Samizdat1



SAMIZDAT #1

L'ELEFANTE NELLA STANZA

aka PERCHE’ A TUTTA QUESTA DISUGUAGLIANZA CORRISPONDE ZERO CONFLITTO SOCIALE?



ANCORA RINCHIUSI NELLA DIAZ

Se ha davvero ragione Branko Milanović, se l’elefante è sparito, beh, dalle nostre parti, nell’Italia Post Pandemica, non sembra esattamente così. Piuttosto, in un Paese già segnato da profondissime disuguaglianze (tra redditi e patrimoni, generazioni, città, livelli di educazione e salute, possibilità di vita), non è tanto sorprendente che la pandemia le abbia ulteriormente esacerbate (si veda l’aumento dell’indice di Gini o i drammatici dati della povertà educativa e sanitaria) quanto che a questo non stia corrispondendo, nemmeno dopo due anni di pandemia, un’analoga esplosione di conflittualità sociale

Durante i mesi di lockdown era certo difficile aspettarsi delle piazze piene e arrabbiate, per quanto, al di là di Napoli, gli episodi di protesta pubblica siano stati pochi e di scarsa partecipazione. Adesso è la volta dei novax e di chi si oppone al pass sanitario ma, anche in questo caso, almeno per il momento, non sembra esserci nulla di paragonabile a un reale movimento consistente e conflittuale (questo non impedisce, però, che a livello di narrazione istituzional-mediatica e conseguente percezione pubblica il pericolo venga ingigantito, esagerato).

Certo, sempre di questi mesi è anche  il mirabile esempio degli “insorti” della GKN Firenze, e nessuno qui intende sminuirne la rilevanza, ma, nella speranza di essere smentiti, a 20 anni da Genova siamo qui a chiederci: è stato quello l’ultimo grande esempio di un movimento antagonista e trasversale, capace, pur con tutti i limiti e le contraddizioni, di portare in piazza (sulla pubblica piazza) centinaia di migliaia di italiani?

E se questo è il caso, cosa ci è successo in questi 20 anni? Perché, di fronte all’evidenza di una crescente e sempre più intollerante disuguaglianza che da socio-economica si fa generazional-ambientale (i turisti nello spazio mentre il Generale Sherman rischia di bruciare) siamo di fronte all’altrettanto evidente diminuzione del conflitto sociale o, meglio, delle sue forme esplicite e organizzate?

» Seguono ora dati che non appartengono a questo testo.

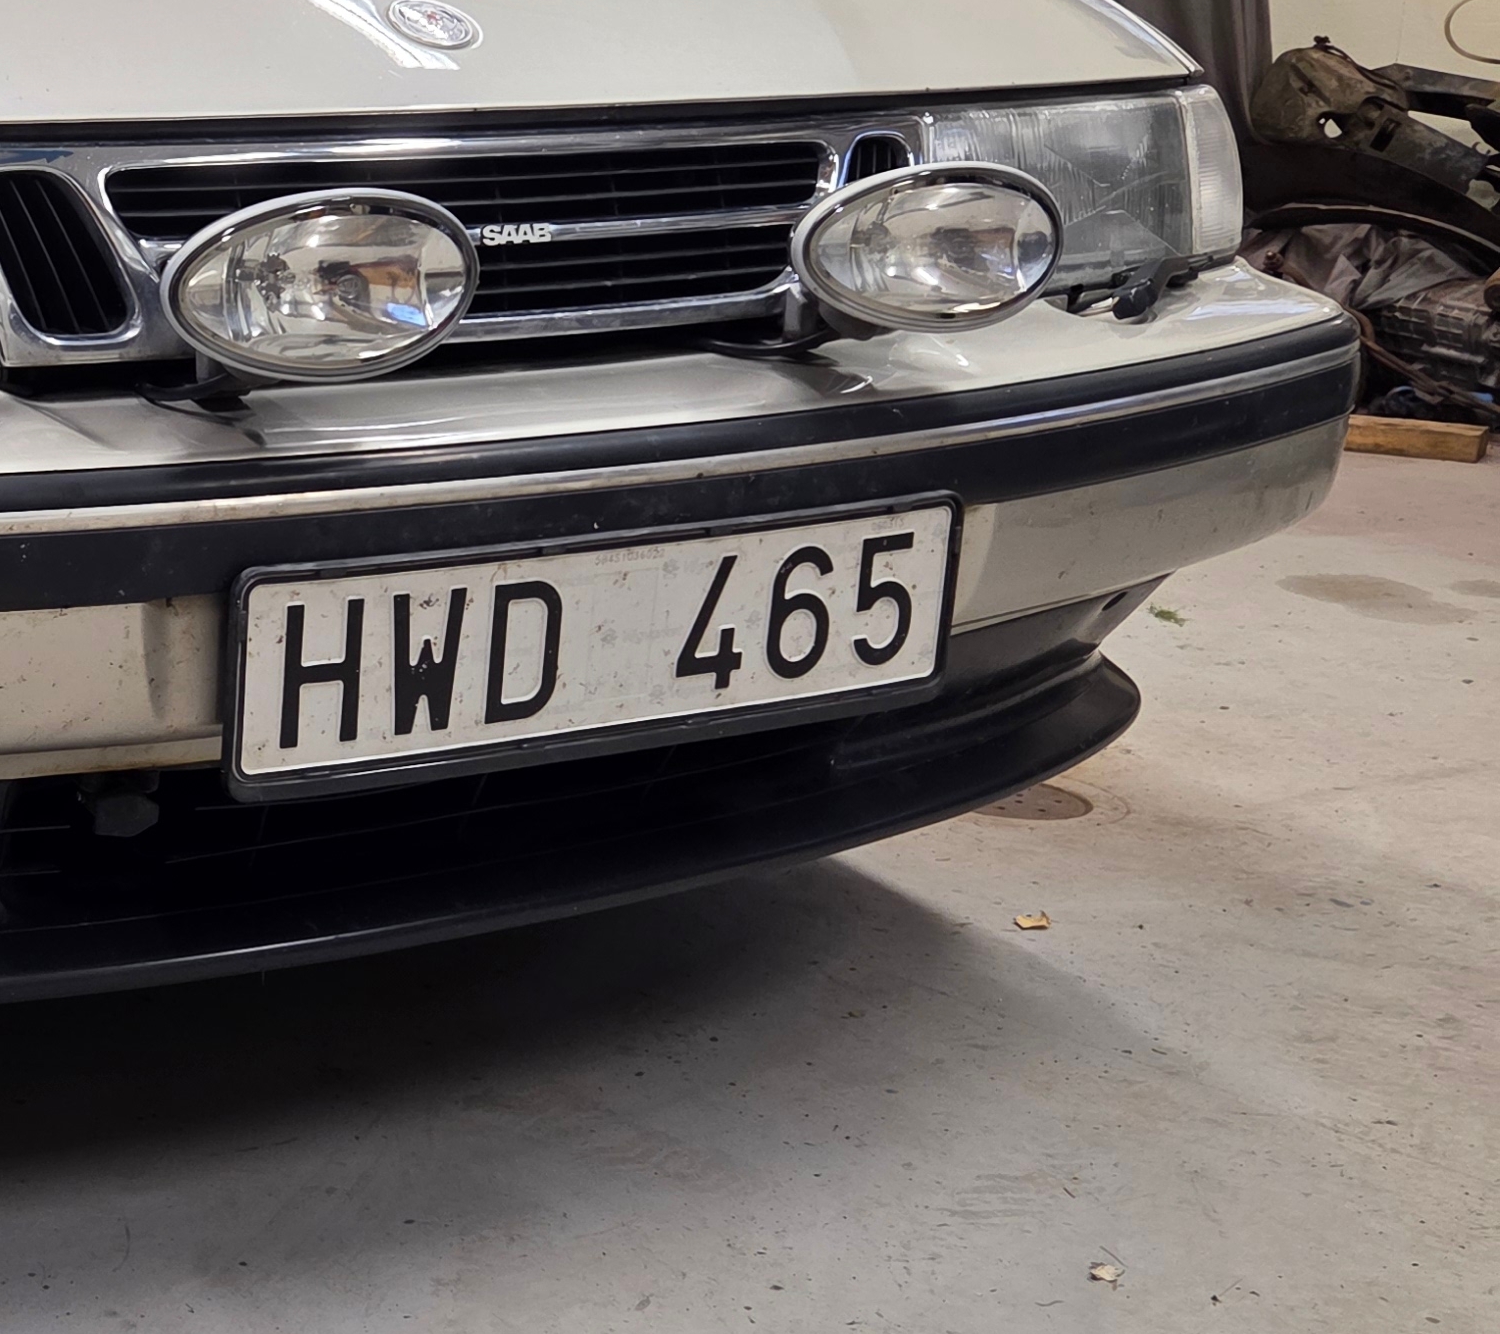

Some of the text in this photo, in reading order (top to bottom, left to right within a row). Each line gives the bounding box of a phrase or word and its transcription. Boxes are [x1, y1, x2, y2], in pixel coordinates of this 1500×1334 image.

[482, 222, 552, 246] SAAB
[279, 532, 915, 749] HWD 465

La prima cosa che dobbiamo dire è che non sta succedendo soltanto da noi. Se, anche qui, nessuno discute l’importanza di movimenti tra loro anche molto diversi come Black Lives Matter o i Gilet Jaunes, resta il fatto che si tratta quasi sempre di processi che iniziano e si concludono in un tempo breve, raramente riescono a connettersi con le infrastrutture istituzionali e decisionali, raramente riescono ad andare oltre un impatto solo sovrastrutturale (ci riuscirà AOC?). Fra tutti, forse, insieme proprio alla corrente sandersiana del Democratic Party, il movimento che sta mostrando maggior vitalità e resistenza è quello dei Friday for Futures, ma, anche qui, dopo la pubblicazione del Report IPCC e mentre si moltiplicano all’infinito i casi di greenwashing e di un uso strumentale dell’ambientalismo da parte del capitalismo peggiore, è lecito chiedersi: con quale impatto trasformativo reale?  

 

 

ABBIAMO VINTO NOI

E dunque: perché tutta questa fatica nell’organizzare ed esplicitare un conflitto sociale le cui ragioni si trovano ovunque, dallo scroll sul cellulare a una passeggiata in centro?

Proviamo a dare alcune parziali risposte.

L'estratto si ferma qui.